In einem parallelen Erzählstrang schaltet Boyle in die tiefste Wildnis Alaskas hinüber, wo Sess in einer spartanischen Blockhütte ein fast autarkes Leben führt. Über eine Annonce hat er Pam kennen gelernt, die von der städtischen Zivilisation die Nase voll hat und zurück in die Natur will. Mit Inbrunst schildert Boyle das Leben in der Wildnis, die unendliche Faszination der rauschenden Flüsse und Wälder, des Jagens, Fischens und Sammelns in der reich gefüllten sommerlichen Speisekammer. Doch auch hier ist die Idylle durch Psychopathen wie Joe Bosky bedroht, der einen erbitterten Privatkrieg gegen Sess und sein neues Glück mit Pam führt.
In „Drop City“ erweist sich T.C. Boyle wieder einmal als ein schlichtweg atemberaubender Erzähler. Unwiderstehlich wird der Leser in den Strom seiner sinnlich-sämigen und mit funkelnden Metaphern aufgeladenen Prosa hineingezogen. Die Welt gewinnt an ungeahnten Dimensionen und Facetten, wenn Boyle sie in den Blick nimmt. Da ist der Morgen „ein Fisch im Kescher, glitzernd und zappelnd am pechschwarzen Rand ihres Bewusstseins“ und die „Blätter raschelten als hätte jemand ein neues Dia in den Projektor geworfen, der die Welt war“.

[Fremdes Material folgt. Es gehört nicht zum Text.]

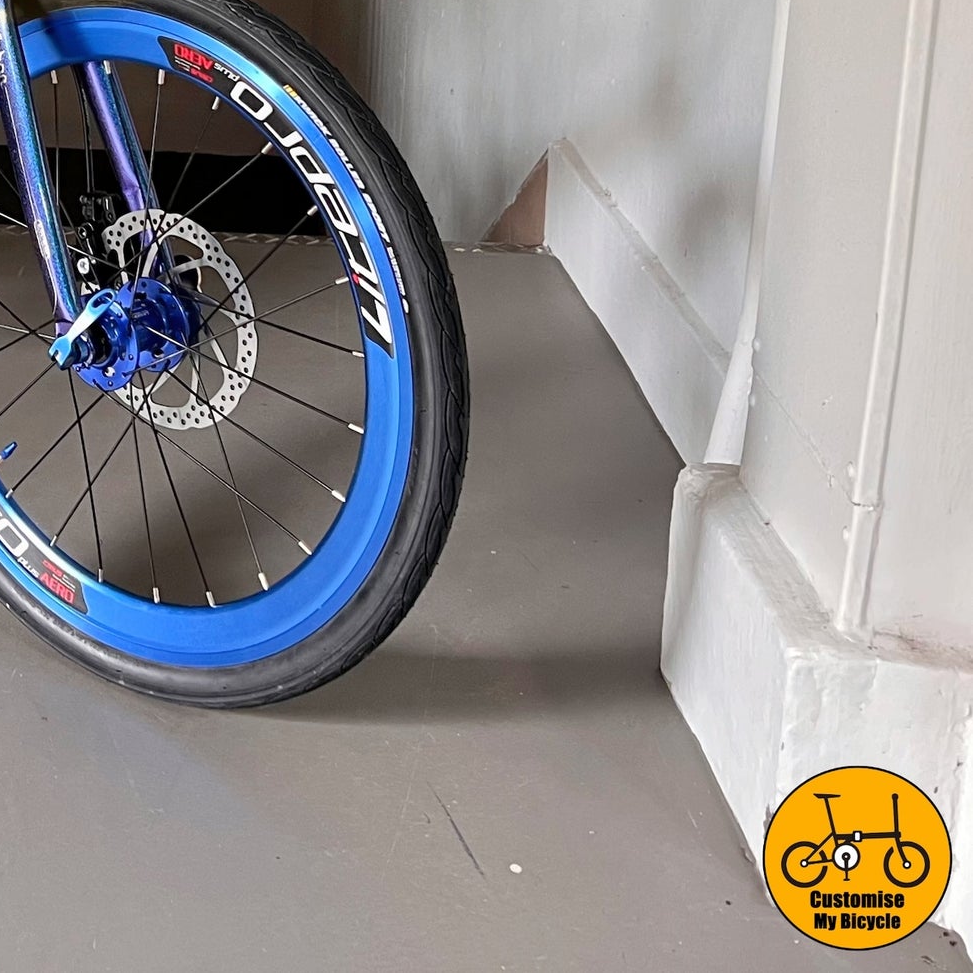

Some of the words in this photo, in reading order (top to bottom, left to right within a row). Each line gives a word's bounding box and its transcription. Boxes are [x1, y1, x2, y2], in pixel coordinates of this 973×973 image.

[174, 43, 214, 70] AERO
[230, 80, 393, 344] Litepro
[40, 572, 75, 605] AERO

Statt mit dem bisher bei ihm gewohnten Spott und zynischen Humor nähert Boyle sich seinen Protagonisten mit viel Empathie und entwirft komplexe Charaktere. Er führt uns dabei die ungeheure Naivität und Blauäugigkeit der Hippie-Generation vor Augen und zeigt, wie ihre Utopien eben daran zu scheitern drohen. Und jedesmal wenn Boyle in seinem überschäumenden Erzählen an Naturkitsch und Aussteigerromantik vorbeizuschrammen droht, dann bricht unweigerlich eine vom Menschen gemachte Katastrophe herein und zerstört die Idylle.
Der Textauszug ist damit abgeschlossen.